> GIVEN RECORDS
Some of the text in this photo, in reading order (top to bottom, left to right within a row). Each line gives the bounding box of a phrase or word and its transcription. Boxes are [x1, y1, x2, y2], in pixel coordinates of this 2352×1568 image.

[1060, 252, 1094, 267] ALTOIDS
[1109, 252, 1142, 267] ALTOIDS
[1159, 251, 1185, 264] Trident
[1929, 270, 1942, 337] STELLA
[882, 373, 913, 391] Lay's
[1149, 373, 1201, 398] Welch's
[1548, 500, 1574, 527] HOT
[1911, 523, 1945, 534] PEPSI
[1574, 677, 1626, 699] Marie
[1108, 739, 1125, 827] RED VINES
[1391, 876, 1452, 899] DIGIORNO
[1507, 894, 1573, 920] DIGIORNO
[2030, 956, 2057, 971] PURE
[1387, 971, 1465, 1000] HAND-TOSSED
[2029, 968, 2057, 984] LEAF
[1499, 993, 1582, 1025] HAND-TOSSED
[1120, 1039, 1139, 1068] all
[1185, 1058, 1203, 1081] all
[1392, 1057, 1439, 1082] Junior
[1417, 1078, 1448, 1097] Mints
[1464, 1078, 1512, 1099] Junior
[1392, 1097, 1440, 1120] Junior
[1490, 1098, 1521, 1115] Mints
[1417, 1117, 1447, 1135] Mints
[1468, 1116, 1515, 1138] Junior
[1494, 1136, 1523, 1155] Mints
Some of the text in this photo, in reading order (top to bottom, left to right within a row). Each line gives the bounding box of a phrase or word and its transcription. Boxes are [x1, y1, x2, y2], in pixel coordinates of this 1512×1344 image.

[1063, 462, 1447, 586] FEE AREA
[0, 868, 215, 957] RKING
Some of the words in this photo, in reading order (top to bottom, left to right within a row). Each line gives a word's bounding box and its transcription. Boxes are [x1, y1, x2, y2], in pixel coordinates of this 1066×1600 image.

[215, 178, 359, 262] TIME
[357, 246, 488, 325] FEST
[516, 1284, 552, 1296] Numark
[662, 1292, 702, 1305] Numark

> DESCRIPTION OF THE TASK
An exact copy of all the material is what is needed.

> EXERCISE OUTPUT
Some of the text in this photo, in reading order (top to bottom, left to right within a row). Each line gives the bounding box of a phrase or word and its transcription. Boxes are [x1, y1, x2, y2], in pixel coordinates of this 2352×1568 image.

[1060, 252, 1094, 267] ALTOIDS
[1109, 252, 1142, 267] ALTOIDS
[1159, 251, 1185, 264] Trident
[1929, 270, 1942, 337] STELLA
[882, 373, 913, 391] Lay's
[1149, 373, 1201, 398] Welch's
[1548, 500, 1574, 527] HOT
[1911, 523, 1945, 534] PEPSI
[1574, 677, 1626, 699] Marie
[1108, 739, 1125, 827] RED VINES
[1391, 876, 1452, 899] DIGIORNO
[1507, 894, 1573, 920] DIGIORNO
[2030, 956, 2057, 971] PURE
[1387, 971, 1465, 1000] HAND-TOSSED
[2029, 968, 2057, 984] LEAF
[1499, 993, 1582, 1025] HAND-TOSSED
[1120, 1039, 1139, 1068] all
[1185, 1058, 1203, 1081] all
[1392, 1057, 1439, 1082] Junior
[1417, 1078, 1448, 1097] Mints
[1464, 1078, 1512, 1099] Junior
[1392, 1097, 1440, 1120] Junior
[1490, 1098, 1521, 1115] Mints
[1417, 1117, 1447, 1135] Mints
[1468, 1116, 1515, 1138] Junior
[1494, 1136, 1523, 1155] Mints
Some of the text in this photo, in reading order (top to bottom, left to right within a row). Each line gives the bounding box of a phrase or word and its transcription. Boxes are [x1, y1, x2, y2], in pixel coordinates of this 1512×1344 image.

[1063, 462, 1447, 586] FEE AREA
[0, 868, 215, 957] RKING
Some of the words in this photo, in reading order (top to bottom, left to right within a row). Each line gives a word's bounding box and its transcription. Boxes are [x1, y1, x2, y2], in pixel coordinates of this 1066×1600 image.

[215, 178, 359, 262] TIME
[357, 246, 488, 325] FEST
[516, 1284, 552, 1296] Numark
[662, 1292, 702, 1305] Numark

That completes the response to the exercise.